Spacs ziehen auch ehemaligen Allianz-Vorstand an
Von Joachim Herr, München
Dieter Wemmer ist recht spät dran. Erst jetzt springt auch der frühere Finanzvorstand der Allianz auf den mit schon hohem Tempo fahrenden Zug der Spacs. Nach Informationen der Nachrichtenagentur Bloomberg sucht er, unterstützt von der Private-Equity-Firma Nazare Capital, via Börsenmantel Übernahmeziele in der Versicherungswirtschaft. Im Mai könnte es an der Börse in Amsterdam mit rund 250 Mill. Euro losgehen.
Wemmer (64) ist nicht der erste prominente Manager der Finanzszene, der sein Wissen und seine Erfahrung für Special Purpose Acquisition Companies (Spacs) nutzen will.

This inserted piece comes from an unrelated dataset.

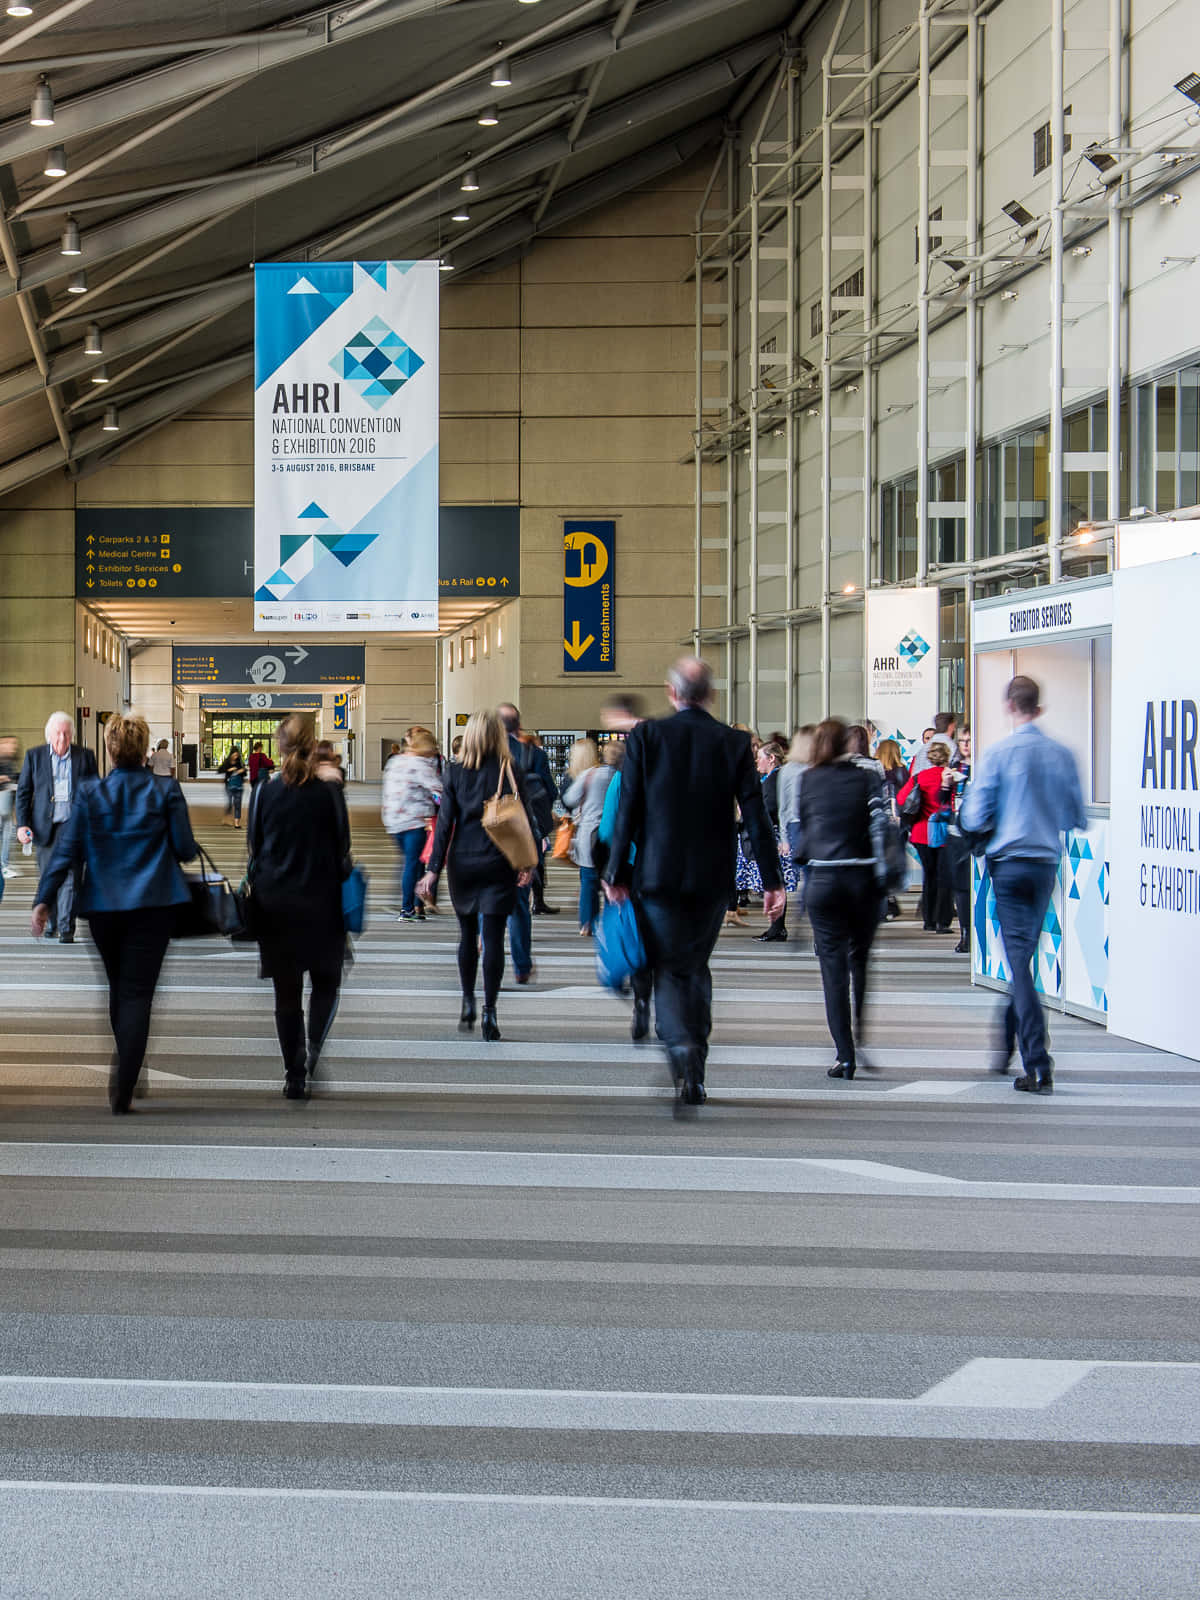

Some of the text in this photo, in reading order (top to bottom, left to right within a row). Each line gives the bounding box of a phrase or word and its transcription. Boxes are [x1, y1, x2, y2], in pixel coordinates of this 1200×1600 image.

Auch Martin Blessing, früherer Vorstandsvorsitzender der Commerzbank, sowie die ehemaligen Chefs von Unicredit, Jean Pierre Mustier, und von Credit Suisse, Tidjane Thiam, versuchen ihr Glück damit.
Spät im Zyklus
Der Hype um die Übernahmevehikel per Blankoscheck ist fortgeschritten, vielleicht sogar schon auf dem Höhepunkt. Die Begeisterung der institutionellen Investoren lässt angesichts des stark gewachsenen Angebots jedenfalls nach. Auch weil die Bewertungen der Übernahmeziele in der Spätphase des Zyklus gewaltige Höhen erklommen haben. Die Lust auf diese Anlageform mindern zudem Regulierungsbehörden wie die SEC in den USA, die mittlerweile einen schärferen Blick auf die Spacs werfen.

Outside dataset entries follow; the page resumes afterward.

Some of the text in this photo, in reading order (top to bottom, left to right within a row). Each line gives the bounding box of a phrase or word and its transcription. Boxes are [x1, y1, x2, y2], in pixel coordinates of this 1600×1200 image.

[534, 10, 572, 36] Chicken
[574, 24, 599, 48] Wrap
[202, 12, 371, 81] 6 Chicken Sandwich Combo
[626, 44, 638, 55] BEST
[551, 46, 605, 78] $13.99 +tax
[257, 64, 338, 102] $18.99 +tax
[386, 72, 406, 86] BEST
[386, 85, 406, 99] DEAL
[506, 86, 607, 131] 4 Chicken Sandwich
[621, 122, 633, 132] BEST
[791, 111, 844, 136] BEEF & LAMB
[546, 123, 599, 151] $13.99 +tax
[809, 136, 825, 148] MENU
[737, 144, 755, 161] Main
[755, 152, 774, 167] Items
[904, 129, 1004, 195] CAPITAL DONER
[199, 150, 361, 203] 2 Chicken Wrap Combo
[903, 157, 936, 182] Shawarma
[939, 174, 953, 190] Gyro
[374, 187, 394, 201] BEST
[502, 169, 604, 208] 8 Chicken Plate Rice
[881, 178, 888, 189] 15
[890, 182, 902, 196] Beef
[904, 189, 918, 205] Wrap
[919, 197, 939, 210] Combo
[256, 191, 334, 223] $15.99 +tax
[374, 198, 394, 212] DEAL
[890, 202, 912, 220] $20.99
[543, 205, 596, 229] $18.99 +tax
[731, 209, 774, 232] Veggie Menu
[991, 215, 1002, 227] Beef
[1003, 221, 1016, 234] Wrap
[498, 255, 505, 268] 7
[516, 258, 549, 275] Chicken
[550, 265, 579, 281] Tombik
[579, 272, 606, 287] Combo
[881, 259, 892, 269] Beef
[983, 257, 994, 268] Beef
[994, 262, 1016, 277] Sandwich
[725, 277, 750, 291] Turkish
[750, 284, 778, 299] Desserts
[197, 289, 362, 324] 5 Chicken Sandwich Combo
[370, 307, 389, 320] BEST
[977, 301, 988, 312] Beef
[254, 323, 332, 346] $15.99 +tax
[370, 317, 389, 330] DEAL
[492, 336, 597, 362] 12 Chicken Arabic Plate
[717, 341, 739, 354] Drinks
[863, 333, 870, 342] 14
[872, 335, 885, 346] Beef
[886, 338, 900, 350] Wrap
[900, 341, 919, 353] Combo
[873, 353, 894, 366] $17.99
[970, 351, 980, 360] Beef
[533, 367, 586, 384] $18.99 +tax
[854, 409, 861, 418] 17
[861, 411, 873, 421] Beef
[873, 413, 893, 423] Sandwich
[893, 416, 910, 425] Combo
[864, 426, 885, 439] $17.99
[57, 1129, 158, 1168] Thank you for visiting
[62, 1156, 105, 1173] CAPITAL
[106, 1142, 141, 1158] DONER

Den schwieriger gewordenen Bedingungen kann Wemmer seine tiefe Branchenkenntnis entgegensetzen. Geschäftsmodelle von Insurtechs dürfte er mit seinem Sachverstand gut beurteilen können. Nach 30 Jahren in der Versicherungsbranche, bis 2011 für die Zurich und von 2012 bis 2017 für die Allianz, ist Wemmer exzellent vernetzt. Auch danach ließ der promovierte Mathematiker seine Kontakte in die Finanzbranche nicht abreißen. Schon seit 2016 ist er im Verwaltungsrat der UBS und dort mittlerweile in drei Ausschüssen. Zwei Jahre später wurde er ins Aufsichtsgremium des nordeuropäischen Energiekonzerns Ørsted (früher Dong Energy) gewählt.
Engagement auf Malta
Außerdem ist Wemmer Vorsitzender des Verwaltungsrats von Marco Capital mit Sitz auf Malta. Das Unternehmen bietet sogenannte Run-off-Lösungen in der Schaden- und Unfallversicherung an. Im August des vergangenen Jahres kündigte Wemmer in einer Mitteilung des Unternehmens an, Marco werde sich „als professioneller Marktteilnehmer von hoher Integrität und mit ausreichendem Kapital aufstellen“. Und er warb auch für sich: „Als früherer Verkäufer von Reserven an Run-off-Unternehmen kenne ich den Bedarf an höchst professionellen und gut mit Kapital ausgestatteten Kontrahenten.“
Dickicht gelichtet
Ende 2017 hatte der damals 60-jährige gebürtige Kölner die Allianz verlassen. Giulio Terzariol übernahm das Finanzressort. Wemmers entscheidendes Verdienst war zweifellos, das Interesse und das Verständnis des Kapitalmarkts für den Versicherungskonzern gesteigert zu haben. Er war die treibende Kraft für den Anstieg der Dividenden auf ein stattliches Niveau und für den Einstieg in Aktienrückkäufe. Der Aktienkurs verdoppelte sich in seinen sechs Jahren als Finanzvorstand. Zudem verstand es Wemmer, das Zahlendickicht der Allianz zu lichten und nach außen für mehr Transparenz zu sorgen. Das hinterließ er seinem Nachfolger.
Seit Wemmers Abschied von der Allianz sind gut drei Jahre vergangen. Mit seinen Mandaten in Verwaltungsräten verweigerte er sich seitdem einem Ruhestand. Nun kommt das Spac-Engagement hinzu – als Executive Chairman wird er sogar wieder operativ tätig.